From "Hominins and the Emergence of the Modern Human Brain
" (Published Jan 2012):
"Autism...is referenced in studies of fossil hominin brain structure and function, either as an analogy for developmental differences between closely related species or as a potentially atavistic indication of actual primitive phenotypes. For example, an autistic child lacking language created naturalistic artwork much like that from the Upper Paleolithic, on the basis of which it was suggested that fAMHS could have also lacked fully modern cognition"

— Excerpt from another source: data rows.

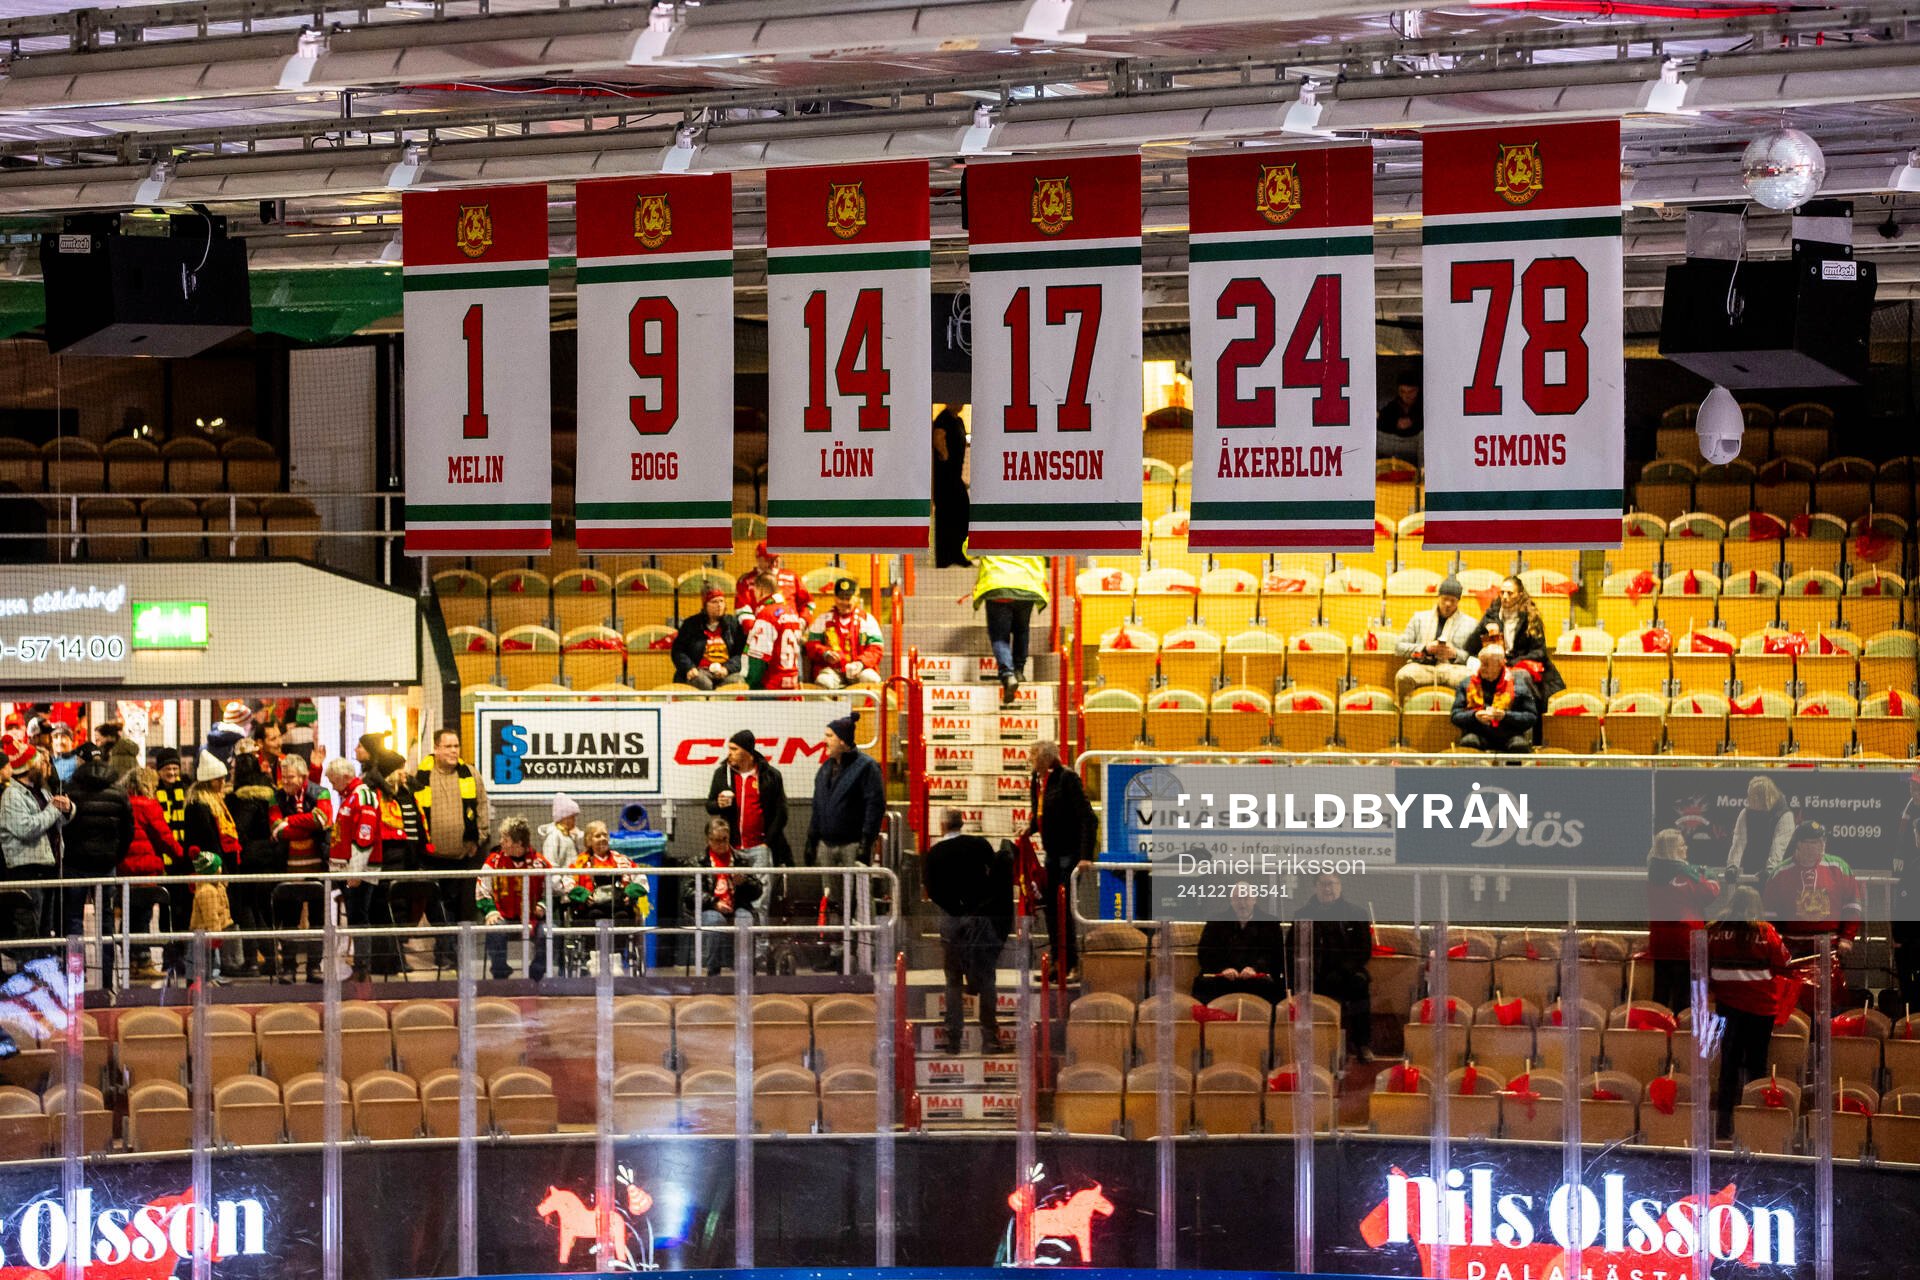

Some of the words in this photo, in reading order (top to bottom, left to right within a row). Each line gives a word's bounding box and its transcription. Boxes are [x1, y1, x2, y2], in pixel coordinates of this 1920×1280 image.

[1823, 264, 1856, 277] amtech
[1450, 256, 1589, 416] 78
[629, 296, 679, 434] 9
[803, 287, 891, 432] 14
[1003, 284, 1103, 431] 17
[1216, 276, 1350, 427] 24
[461, 304, 489, 438] 1
[820, 441, 874, 478] LÖNN
[1217, 438, 1343, 478] ÅKERBLOM
[1474, 433, 1567, 467] SIMONS
[447, 455, 504, 484] MELIN
[631, 451, 679, 481] BOGG
[1003, 450, 1104, 481] HANSSON
[0, 637, 51, 659] -57
[931, 688, 970, 700] MAXI
[1000, 688, 1037, 700] AXI
[932, 717, 970, 729] MAXI
[1000, 717, 1038, 729] MAXI
[501, 725, 644, 757] SILJANS
[934, 747, 973, 760] MAXI
[1002, 747, 1030, 760] MA
[494, 754, 614, 785] BYGGTJÄNST
[621, 762, 641, 774] AB
[929, 777, 968, 789] MAXI
[998, 777, 1031, 789] MAX
[1464, 786, 1585, 848] Diös
[1804, 795, 1882, 811] Fönsterputs
[928, 1062, 964, 1074] MAXI
[927, 1096, 964, 1108] MAXI
[20, 1187, 266, 1271] Olsson
[1548, 1173, 1797, 1267] Olsson
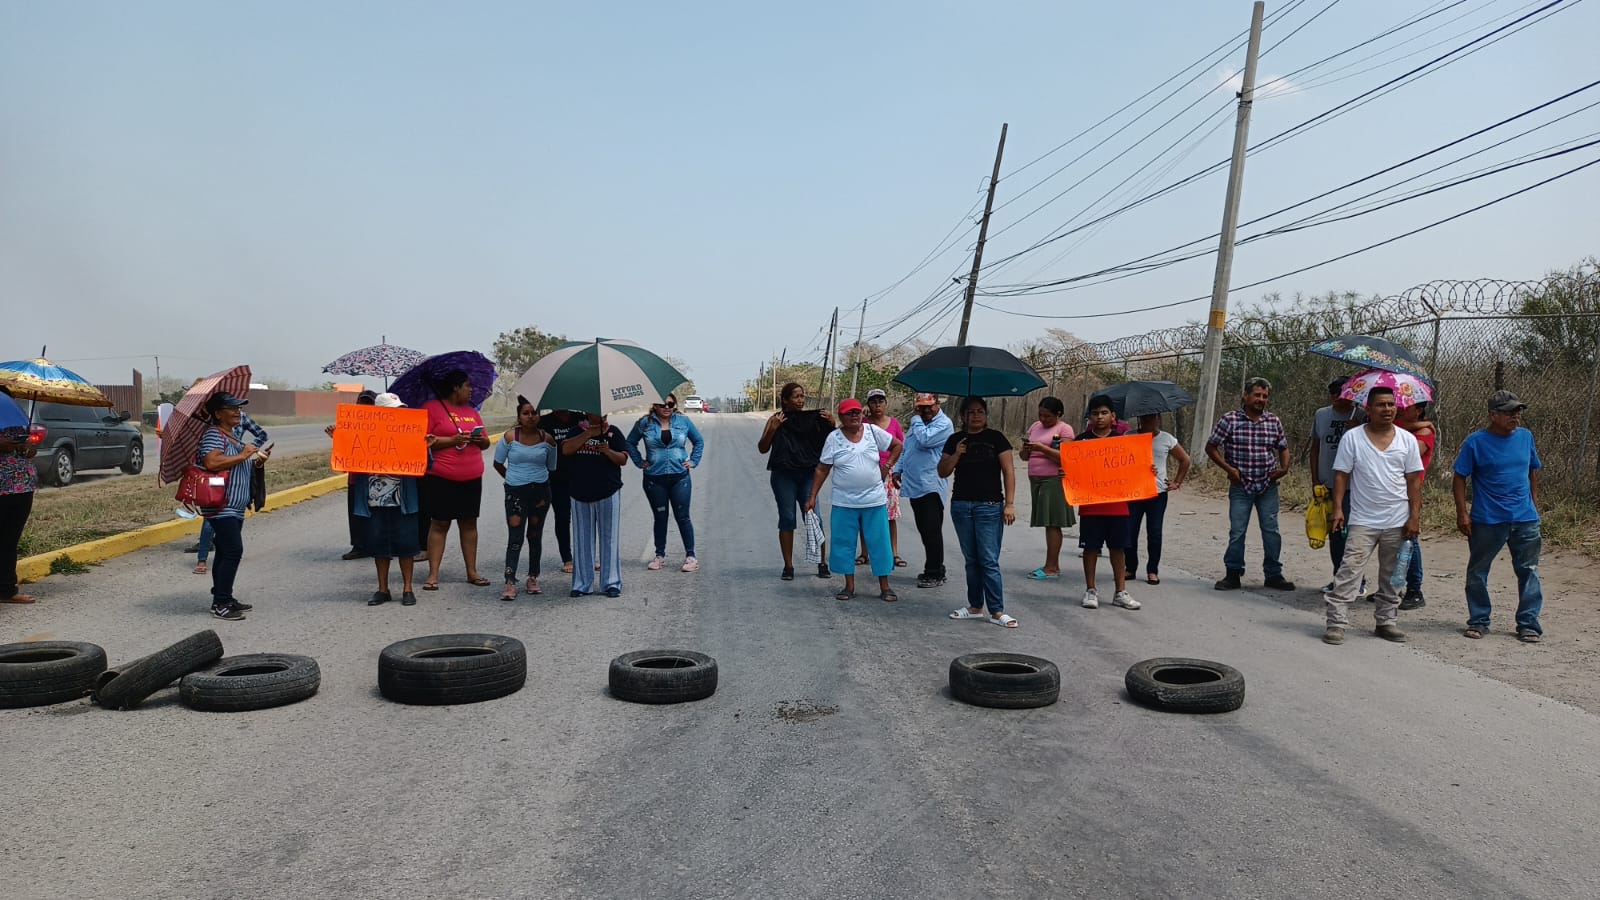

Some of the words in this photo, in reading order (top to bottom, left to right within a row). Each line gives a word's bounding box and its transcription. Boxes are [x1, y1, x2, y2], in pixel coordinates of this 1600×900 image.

[611, 384, 642, 395] LYFORD
[351, 433, 398, 456] AGUA
[1103, 453, 1136, 469] AGUA

Autism: The Eusocial Hominid Hypothesis
ASDs (autism spectrum disorders) are hypothesized as one of many adaptive human cognitive variations that have been maintained in modern populations via multiple genetic and epigenetic mechanisms. Introgression from "archaic" hominids (adapted for less demanding social environments) is conjectured as the source of initial intraspecific heterogeneity because strict inclusive fitness does not adequately model the evolution of distinct, copy-number sensitive phenotypes within a freely reproducing population.
Evidence is given of divergent encephalization and brain organization in the Neanderthal (including a ~1520 cc cranial capacity, larger than that of modern humans) to explain the origin of the autism subgroup characterized by abnormal brain growth.
Autism and immune dysfunction are frequently comorbid. This supports an admixture model in light of the recent discovery that MHC alleles (genes linked to immune function, mate selection, neuronal "pruning," etc.) found in most modern human populations come from "archaic" hominids.
Mitochondrial dysfunction, differential fetal androgen exposure, lung abnormalities, and hypomethylation/CNV due to hybridization are also presented as evidence.